Я приподнялась на локте, чувствуя, как начинает кружиться голова. Поляна действительно наполнялась вечерними сумерками, откуда-то наползал густой, как сливки, туман, клубился под деревьями, лаская росой траву. Агей протянул руку, и я ухватилась за неё, неловко вставая. Бабка пристально следила за каждым моим движением, но мне было не до неё. Ноги казались ватными, то и дело норовили подогнуться в коленях или подвернуться в щиколотках. Агей тоже был настороже, его рука легонько легла на мою талию. Решив, что ещё не пришло время выпендриваться, я позволила ему придерживать моё непослушное, живущее собственной жизнью тело. Но в одном Яга права. В клубе он был трезвее нас всех и вполне мог сесть за руль. Тогда бы и аварии не случилось.
— Интересно, кто раньше доберётся до лошади — мы или туман?! — проворчала бабка под нос, пряча в складки юбки огромный кухонный нож. Краем глаза я заметила возле валуна обезглавленную тушку курицы в лужице вытекшей из шеи крови и против воли передёрнулась. Агей наклонился ко мне:
— Ты чего?
Я молча кивнула на птичий трупик, и парень пожал плечами:
— Ну, надо же было жертву принести, чтоб тебя вытащить.

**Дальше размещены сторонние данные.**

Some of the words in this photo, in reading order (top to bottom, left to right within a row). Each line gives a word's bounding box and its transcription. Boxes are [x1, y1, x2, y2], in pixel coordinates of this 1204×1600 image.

— Лучше курицу, чем… — Яга не закончила фразу и многозначительно оскалилась в совершенно дикой ухмылке. Мне вдруг стало страшно. Ну, не то чтобы очень, а так, страшновато… В какую компанию я попала? Бабка с повадками маньячки, её спутник со странным именем, шпионивший за мной, кровавая жертва, якобы помогшая мне выйти из комы… Хотя… После чёрного киселя без всякого общения даже эта тёплая компания показалась мне милой и желанной!

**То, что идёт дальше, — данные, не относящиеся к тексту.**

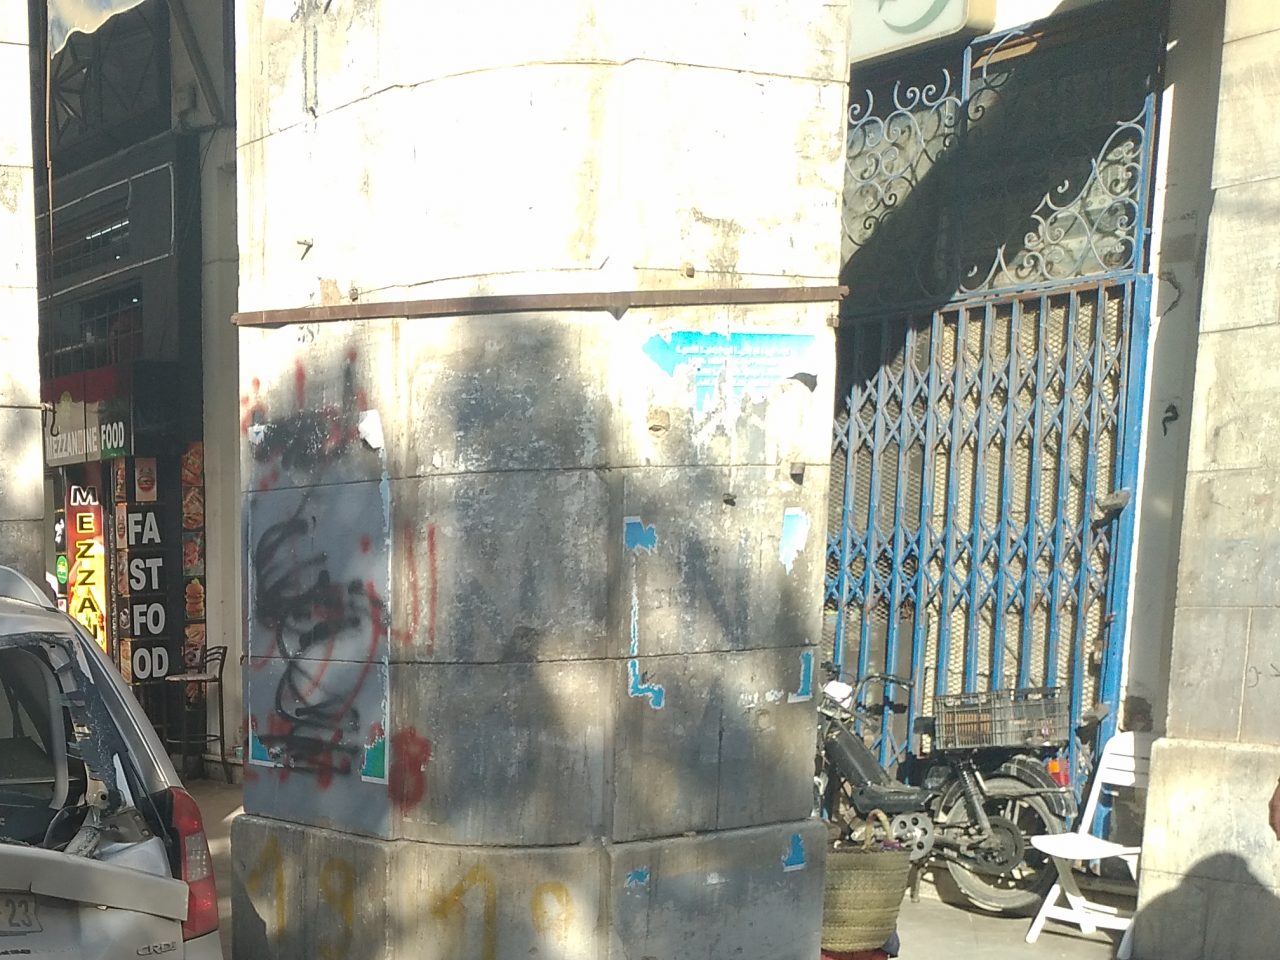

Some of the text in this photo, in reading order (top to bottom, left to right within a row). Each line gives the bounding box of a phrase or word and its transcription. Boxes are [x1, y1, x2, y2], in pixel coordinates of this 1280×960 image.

[100, 421, 125, 450] FOOD
[128, 511, 162, 546] FA
[129, 557, 163, 592] ST
[132, 602, 166, 637] FO
[132, 646, 170, 680] OD
[5, 897, 33, 928] 23
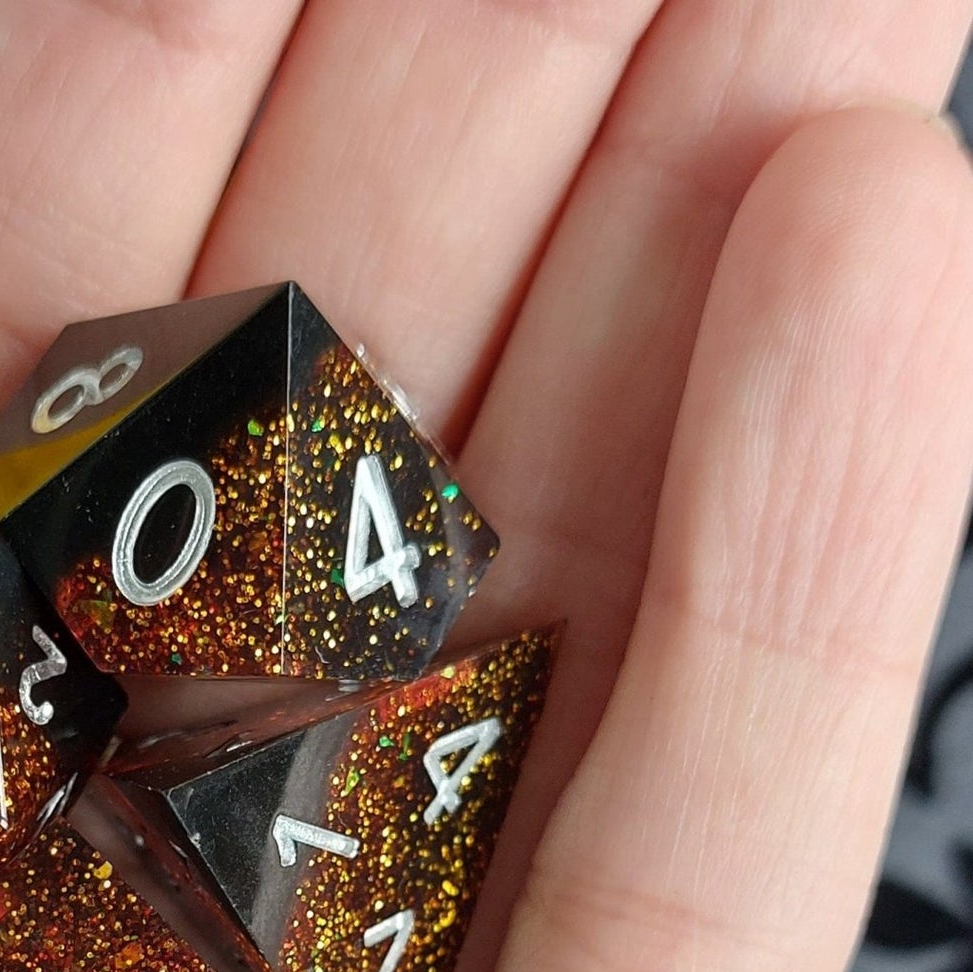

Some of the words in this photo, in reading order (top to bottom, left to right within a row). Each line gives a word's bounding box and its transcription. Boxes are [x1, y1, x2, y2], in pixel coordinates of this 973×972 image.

[31, 345, 144, 434] 8
[111, 457, 216, 606] 0
[344, 453, 421, 609] 4
[19, 624, 68, 726] 2
[423, 717, 502, 825] 4
[272, 814, 360, 868] 1
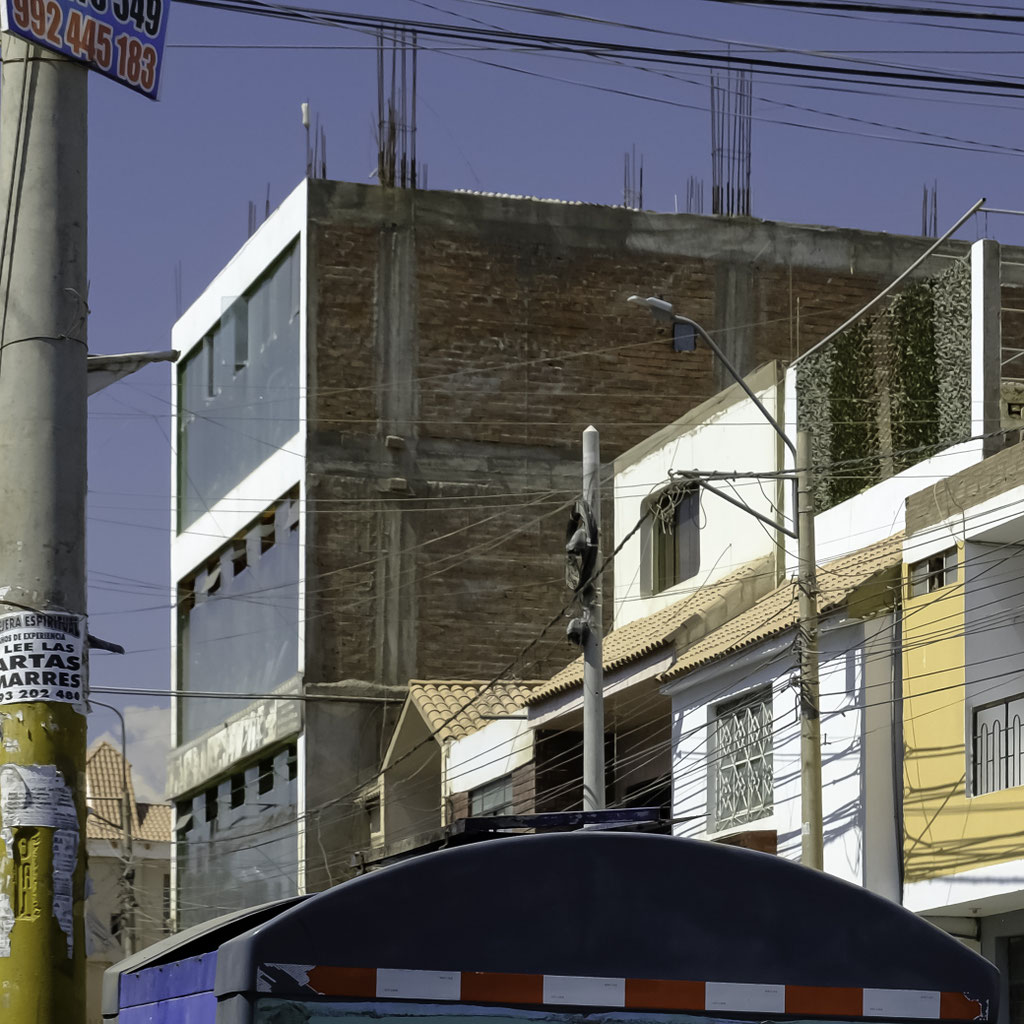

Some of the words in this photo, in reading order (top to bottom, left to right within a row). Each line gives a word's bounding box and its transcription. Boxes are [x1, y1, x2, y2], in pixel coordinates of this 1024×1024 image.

В молчании (а я ещё и пыхтя от усилия) мы добрались до повозки под сенью деревьев. Старая добротная колымага, наполненная соломой под завязку, заканчивалась оглоблями, между которыми прямо в гуще веток колыхался объёмистый белый зад лошади. Короткий хвост, обмотанный зелёной тесьмой, беспрестанно двигался, пытаясь отогнать мошкару. Бабка сунулась в листву, ворча на «безмозглое животное», и задом вывела лошадь с повозкой на дорогу.